Zielpunkt Architekturstudium

Dass Catherine Mühlemann nun bei MTV sitzt, ist im Grunde ein riesiger Zufall, vor allem, weil sie im Grunde nie zum Fernsehen wollte. Nach dem Abitur stand eigentlich ein Architekturstudium an - zum einen, weil sie Spaß an klaren Formen und Strukturen hat. Und zum anderen, weil man in ihrer Heimatstadt Bern fast alles studieren konnte. Außer Architektur. Ihre Eltern wollten sie aber nicht nach Zürich ziehen lassen, als Kompromiss blieb sie in Bern und studierte Germanistik. Kurz vor dem Studienende erkannte Mühlemann, dass "das schweizerische Verlagswesen nicht auf mich wartet", und da kam ihr der Hinweis eines Freundes, dass beim Staatsfernsehen SF-DRS eine Stelle in der Medienforschung frei wäre, gerade recht. Binnen kurzer Zeit stieg sie zur Leiterin auf. 1997 wurde sie Programmreferentin und war für den Aufbau des zweiten staatlichen Fernsehkanals SF 2 verantwortlich. 1999 wechselte sie als Programmdirektorin zur Gründungsmannschaft des neuen Privatkanals TV 3.

Dort blieb sie - bis der Anruf von MTV kam. Cathrine Mühlemann gehört zur Gattung dieser neuen Fernsehmacher, die man nur schwer als Journalisten bezeichnen kann. Sie hat nie einen Beitrag geschnitten oder produziert, sie stand nie vor der Kamera, und eigentlich auch nie dahinter. Aber das musste sie auch gar nicht.
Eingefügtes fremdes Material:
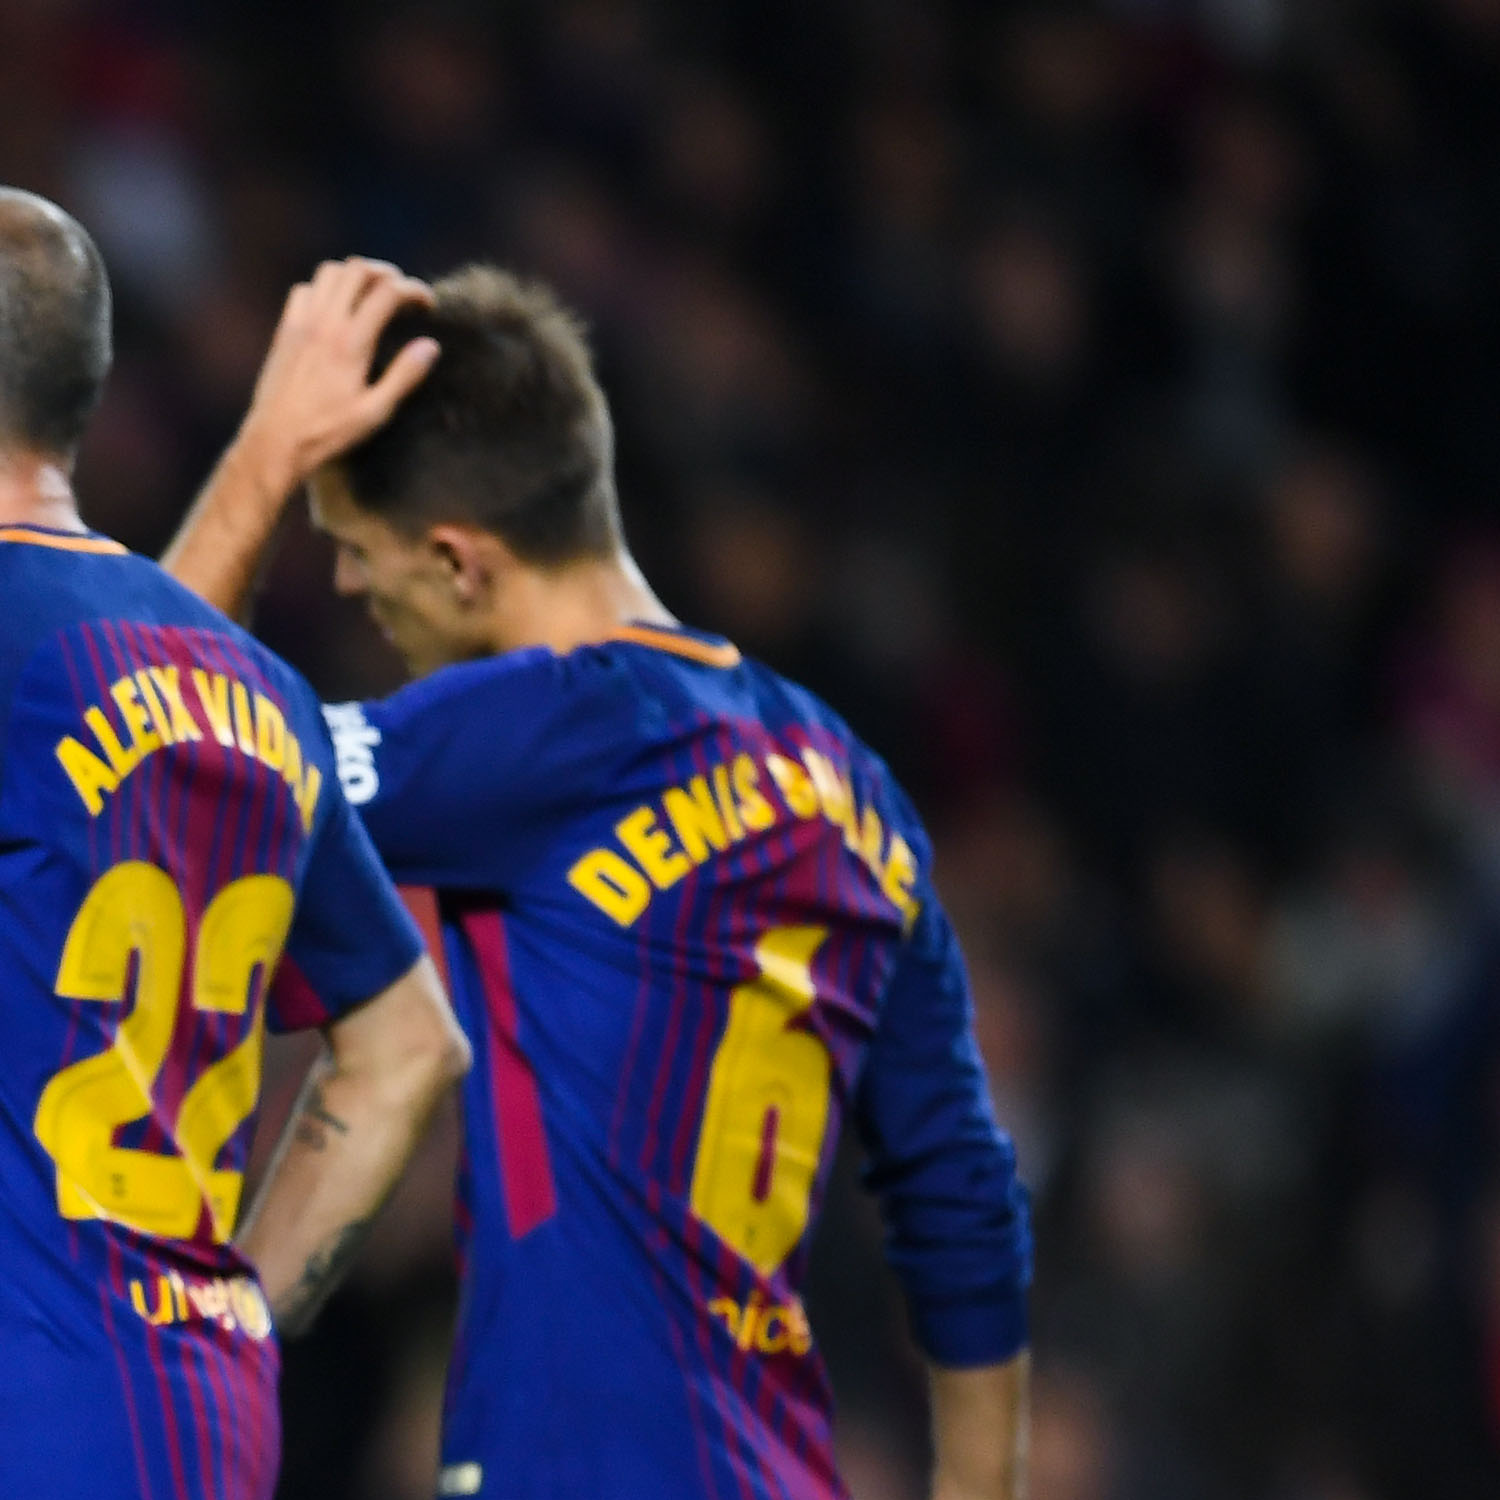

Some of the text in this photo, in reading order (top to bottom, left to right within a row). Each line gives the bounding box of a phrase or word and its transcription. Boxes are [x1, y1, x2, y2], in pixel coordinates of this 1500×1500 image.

Ihr Geschäft sind die Zahlen, und das beherrscht sie gut. Mühlemann geht es ums Programmieren; das Gespür dafür hat sie in der Medienforschung beim Öffentlich-Rechtlichen gelernt. Erste Meriten hat sie sich damit bei TV 3 verdient. Der kleine Schweizer Sender war der erste in Mitteleuropa, der das Potenzial des Reality-TV erkannte. Schon 1999 wurden zwölf Schweizer bei "Expedition Robinson" auf einer einsamen Insel ausgesetzt - ein halbes Jahr, bevor RTL 2 "Big Brother" auf die Reise schickte. Als TV 3 dann im vergangenen Jahr "Big Brother" importierte, war die Container-Show noch erfolgreicher als in Deutschland. Im Gegensatz zu vielen anderen glaubt Mühlemann auch nicht, dass der Reality-Boom schon wieder vorbei ist. "Die Menschen werden weiterhin echte Menschen im Fernsehen sehen wollen."

Catherine Mühlemann hat bei MTV einen Dreijahres-Vertrag. Dann sei sie für weitere Herausforderungen offen. Sie sollten aber wohl eher im Privatfernsehen liegen, denn von den Öffentlich-Rechtlichen hat sie nach ihren Schweizer Jahren vorerst einmal genug. "Hier bin ich viel mehr davon abhängig, ob mein Programm dem Publikum gefällt oder nicht", sagt sie, und sie meint damit, dass sie gerne das Publikum als Korrektiv hat. Das werden die Herren und Damen aus der MTV-Geschäftsführung in Amerika gerne hören. Die Damen und Herren mit den tollen Büros und der schönen Aussicht.